TORONTO, May 19, 2020
/NOT FOR DISTRIBUTION TO UNITED STATES NEWSWIRE SERVICES OR FOR DISSEMINATION IN THE UNITED STATES./
Trading Symbol TSX(V): RMD
Boerse Frankfurt: WKN A1W98A: R52
TORONTO, May 19, 2020 /CNW/ – Richmond Minerals Inc. (TSX-V: RMD) (the “Company”) proposes to complete a non-brokered private placement pursuant to which it shall issue up to 16,000,000 units (each a “Unit) of the Company at a price of C$0.05 per Unit to raise aggregate proceeds of up to C$800,000 (the “Offering”). Each unit will consist of one common share and one common share purchase warrant (each, a “Warrant”) . Each Warrant shall entitle the holder thereof to acquire one Common Share at a price of $0.10 until 5 pm (Toronto time) on the date which is 18 months following the closing of the Offering, whereupon the Warrants expire.
The securities issued and issuable pursuant to the Offering will be subject to a four month and one day hold period. The Company intends to use the net proceeds from the Offering to fund exploration and development at Company’s Ontario and European properties and for working capital purposes related to the Transaction. The Offering is subject to certain conditions including, but not limited to, the receipt of all necessary approvals, including the approval of the TSX Venture Exchange and applicable securities regulatory authorities.
The securities offered have not been registered under the U.S. Securities Act of 1933, as amended (the “U.S. Securities Act“), or applicable state securities laws, and may not be offered or sold to persons in the United States absent registration or an exemption from such registration requirements.
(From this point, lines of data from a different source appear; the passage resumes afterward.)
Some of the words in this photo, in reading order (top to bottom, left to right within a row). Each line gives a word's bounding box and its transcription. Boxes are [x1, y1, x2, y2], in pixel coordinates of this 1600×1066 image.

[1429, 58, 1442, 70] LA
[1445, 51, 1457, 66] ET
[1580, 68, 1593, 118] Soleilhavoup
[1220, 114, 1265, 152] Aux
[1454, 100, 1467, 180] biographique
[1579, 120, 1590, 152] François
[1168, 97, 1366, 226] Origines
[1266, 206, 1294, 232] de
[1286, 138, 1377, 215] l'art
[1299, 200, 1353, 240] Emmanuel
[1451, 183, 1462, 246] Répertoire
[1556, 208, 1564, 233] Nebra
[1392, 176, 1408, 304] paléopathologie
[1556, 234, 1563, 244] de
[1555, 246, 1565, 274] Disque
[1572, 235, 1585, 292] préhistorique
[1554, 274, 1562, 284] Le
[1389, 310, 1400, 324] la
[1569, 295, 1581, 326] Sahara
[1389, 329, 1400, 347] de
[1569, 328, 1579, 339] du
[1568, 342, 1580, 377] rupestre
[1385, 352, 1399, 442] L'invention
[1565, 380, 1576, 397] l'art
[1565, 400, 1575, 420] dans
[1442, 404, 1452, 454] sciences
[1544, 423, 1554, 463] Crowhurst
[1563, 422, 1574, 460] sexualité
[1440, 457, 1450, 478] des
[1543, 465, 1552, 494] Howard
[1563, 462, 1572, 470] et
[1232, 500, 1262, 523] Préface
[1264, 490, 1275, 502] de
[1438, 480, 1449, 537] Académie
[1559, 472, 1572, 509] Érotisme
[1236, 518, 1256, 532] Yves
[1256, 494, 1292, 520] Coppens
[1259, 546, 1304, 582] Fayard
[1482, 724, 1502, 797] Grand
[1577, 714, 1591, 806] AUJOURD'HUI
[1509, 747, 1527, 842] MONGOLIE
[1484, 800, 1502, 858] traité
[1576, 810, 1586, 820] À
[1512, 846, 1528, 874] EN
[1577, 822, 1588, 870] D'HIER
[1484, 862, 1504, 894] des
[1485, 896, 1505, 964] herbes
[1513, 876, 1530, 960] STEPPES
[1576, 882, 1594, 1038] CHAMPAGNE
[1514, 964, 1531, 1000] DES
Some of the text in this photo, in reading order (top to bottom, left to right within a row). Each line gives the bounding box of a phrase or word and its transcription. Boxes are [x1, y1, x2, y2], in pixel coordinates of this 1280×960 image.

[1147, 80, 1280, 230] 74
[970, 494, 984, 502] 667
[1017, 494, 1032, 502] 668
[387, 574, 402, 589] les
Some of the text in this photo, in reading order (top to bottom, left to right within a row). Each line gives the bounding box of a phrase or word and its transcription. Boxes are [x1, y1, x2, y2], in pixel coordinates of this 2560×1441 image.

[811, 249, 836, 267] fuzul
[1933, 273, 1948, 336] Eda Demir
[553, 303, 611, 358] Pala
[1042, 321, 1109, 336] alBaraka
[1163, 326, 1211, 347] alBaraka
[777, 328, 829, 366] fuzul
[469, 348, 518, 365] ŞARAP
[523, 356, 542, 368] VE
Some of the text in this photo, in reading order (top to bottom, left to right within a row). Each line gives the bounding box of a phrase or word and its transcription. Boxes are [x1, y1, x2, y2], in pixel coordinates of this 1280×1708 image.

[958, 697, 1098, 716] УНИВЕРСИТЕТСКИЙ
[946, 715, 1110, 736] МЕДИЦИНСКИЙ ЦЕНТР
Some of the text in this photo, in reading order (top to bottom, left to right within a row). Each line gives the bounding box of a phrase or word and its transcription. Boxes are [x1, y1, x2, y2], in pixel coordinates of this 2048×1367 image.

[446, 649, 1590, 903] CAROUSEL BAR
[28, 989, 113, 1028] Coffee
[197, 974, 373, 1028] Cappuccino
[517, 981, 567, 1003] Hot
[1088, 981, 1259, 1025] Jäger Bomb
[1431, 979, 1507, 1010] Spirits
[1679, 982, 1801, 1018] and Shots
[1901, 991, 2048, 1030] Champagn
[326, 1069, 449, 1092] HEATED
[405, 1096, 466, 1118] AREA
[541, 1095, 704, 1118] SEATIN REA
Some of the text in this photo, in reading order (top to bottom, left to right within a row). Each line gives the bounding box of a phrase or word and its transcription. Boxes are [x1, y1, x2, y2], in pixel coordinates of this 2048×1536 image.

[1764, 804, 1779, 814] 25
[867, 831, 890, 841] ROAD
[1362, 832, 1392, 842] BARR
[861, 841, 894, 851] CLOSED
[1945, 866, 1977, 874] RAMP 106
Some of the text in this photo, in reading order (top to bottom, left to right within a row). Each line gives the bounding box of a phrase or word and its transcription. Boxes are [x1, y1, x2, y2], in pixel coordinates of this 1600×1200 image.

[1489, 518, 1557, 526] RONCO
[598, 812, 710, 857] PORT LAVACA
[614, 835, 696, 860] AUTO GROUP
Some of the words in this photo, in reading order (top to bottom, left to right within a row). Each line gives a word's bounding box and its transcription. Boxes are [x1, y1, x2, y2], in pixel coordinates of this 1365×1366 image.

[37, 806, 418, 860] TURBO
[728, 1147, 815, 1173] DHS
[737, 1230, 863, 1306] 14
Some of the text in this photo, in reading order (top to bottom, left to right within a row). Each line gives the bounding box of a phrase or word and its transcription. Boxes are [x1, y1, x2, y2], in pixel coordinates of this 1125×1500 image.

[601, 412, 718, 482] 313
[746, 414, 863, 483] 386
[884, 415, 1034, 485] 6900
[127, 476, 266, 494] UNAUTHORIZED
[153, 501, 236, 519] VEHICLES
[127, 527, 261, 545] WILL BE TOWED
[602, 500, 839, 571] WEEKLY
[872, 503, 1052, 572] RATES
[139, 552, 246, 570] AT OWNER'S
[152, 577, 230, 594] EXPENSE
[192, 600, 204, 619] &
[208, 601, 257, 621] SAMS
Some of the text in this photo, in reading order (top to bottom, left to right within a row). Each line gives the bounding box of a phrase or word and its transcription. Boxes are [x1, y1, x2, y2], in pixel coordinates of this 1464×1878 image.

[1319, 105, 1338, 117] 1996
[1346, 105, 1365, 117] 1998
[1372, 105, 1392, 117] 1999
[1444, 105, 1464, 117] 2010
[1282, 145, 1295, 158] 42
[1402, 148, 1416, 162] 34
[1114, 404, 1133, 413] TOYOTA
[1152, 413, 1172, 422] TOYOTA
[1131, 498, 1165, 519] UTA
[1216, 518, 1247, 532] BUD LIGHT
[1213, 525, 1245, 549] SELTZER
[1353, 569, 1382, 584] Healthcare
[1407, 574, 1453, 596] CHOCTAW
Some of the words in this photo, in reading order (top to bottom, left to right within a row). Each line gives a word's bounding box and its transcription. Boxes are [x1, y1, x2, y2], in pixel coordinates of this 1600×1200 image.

This press release shall not constitute an offer to sell or the solicitation of an offer to buy nor shall there be any sale of the securities in any jurisdiction in which such offer, solicitation or sale would be unlawful.
The Company also announces that it has made a grant of stock options under its stock option plan to its directors and officers to acquire a total of 5.2 million common shares of the Company. In addition, the Company has granted options to acquire an aggregate of 3.9 million common shares of the Company to certain non-executive employees and consultants. All of the options are exercisable at a price of $0.10 per share for a period of five years from the date of grant. All Director and Officer options will vest on the date of grant, and 50% of consultant/employee options will vest on the date of grant, with the remaining 50% vesting in 6 months.
Additionally, on April 29, 2020 Rockridge Resources Ltd. (TSX-V: ROCK) announced drill results from its Raney Gold Property which included an intersection of 28.0 grams per tonne over a 6 meter interval from a hole collared approximately 550 meters west of, and on trend with Richmond’s western Ridley Lake Property boundary. Rockridge indicates that this broad alteration zone (structural corridor) that hosts the mineralization is open for expansion; historic mapping and surface sampling data show that the alteration zone may extend over several hundred metres, with no drilling completed over a large extent of this corridor.
Warren Hawkins, P.Eng, a “Qualified Person”, within the meaning of Nation Instrument 43-101- Standards of Disclosure for Minerals Projects, has reviewed and approved the scientific and technical information contained in this news release. Mr. Hawkins is not considered to be “independent” of the Corporation (as defined in National Instrument 43-101), as he currently holds securities of the Corporation.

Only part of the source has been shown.